In the modal window:
- Enter the Variable name (1) – the identifier you will use later.
- Select the LLM (2) and the required Model version (3).
- In the Prompt field (4), select the variable value you want to modify and write a detailed instruction (prompt) for the AI specifying what needs to be done.
- Enable the Fallback switch (5) and enter text or select a variable to be used when the AI cannot generate a result.
- On the right side of the window, select a Contact (6) to test and generate a preview of the result (7).
- Click Create (8) to save the variable.
In the advanced LLM model settings, you can configure the following parameters:
- Use Preset (1) - defines the tone of generation: accurate / creative / balanced.
- Max Tokens (2) - specifies the maximum number of tokens the model can use to generate a result.

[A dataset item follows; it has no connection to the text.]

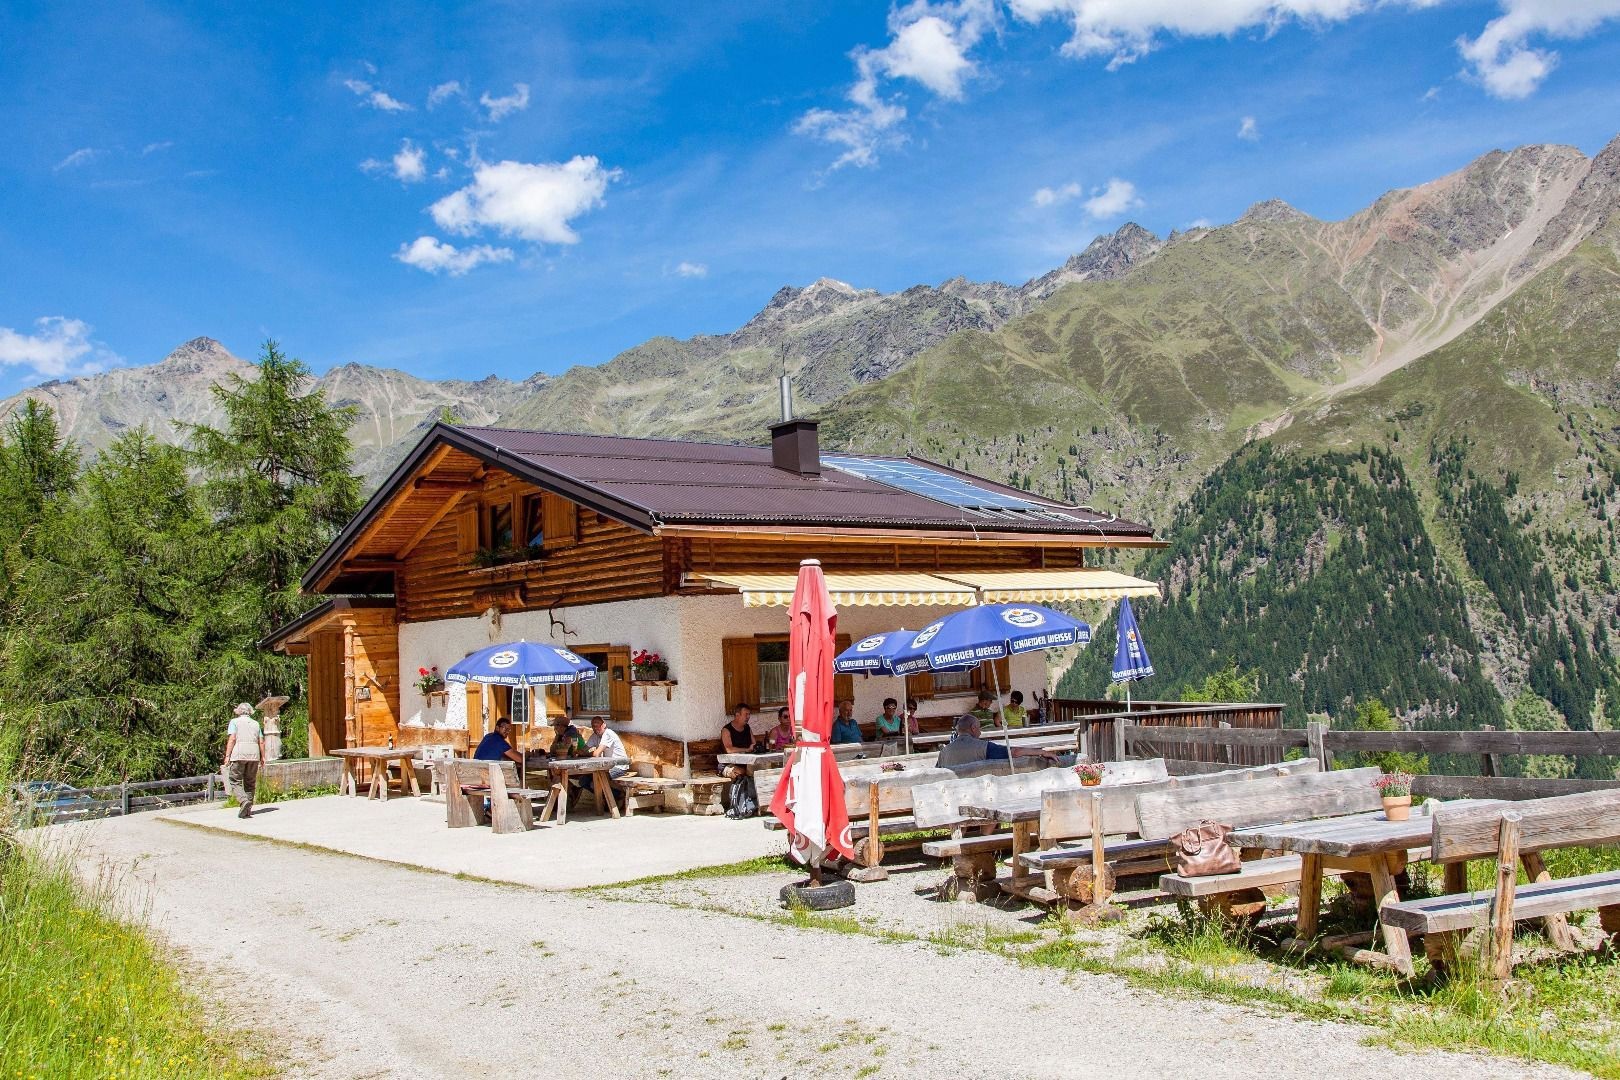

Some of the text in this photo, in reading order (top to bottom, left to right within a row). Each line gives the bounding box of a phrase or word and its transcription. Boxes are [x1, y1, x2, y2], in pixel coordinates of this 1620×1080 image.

[1014, 636, 1046, 650] SCHNEIDER
[1047, 632, 1073, 644] WEISSE
[935, 645, 1003, 664] SCHNEIDER WEISSE

If the output is truncated or incomplete, try increasing this value.
- Reasoning Effort (3) - limits the amount of computational resources the model uses for reasoning (applies to reasoning models).
Available values: minimal, low, medium, high.
Lowering this parameter allows for faster responses and fewer tokens used, but may reduce the depth of analysis.
- Verbosity (4) - defines the level of detail in the model’s response.
Available values: low, medium, high.
Lower values produce more concise responses, while higher values make them more detailed and descriptive.
Using AI Variables
AI Variables can be used in any nodes that support variables - such as sending connection requests, messages, or commenting on posts.
To apply an AI variable in a node, click Insert Variables, then select the AI Variable section.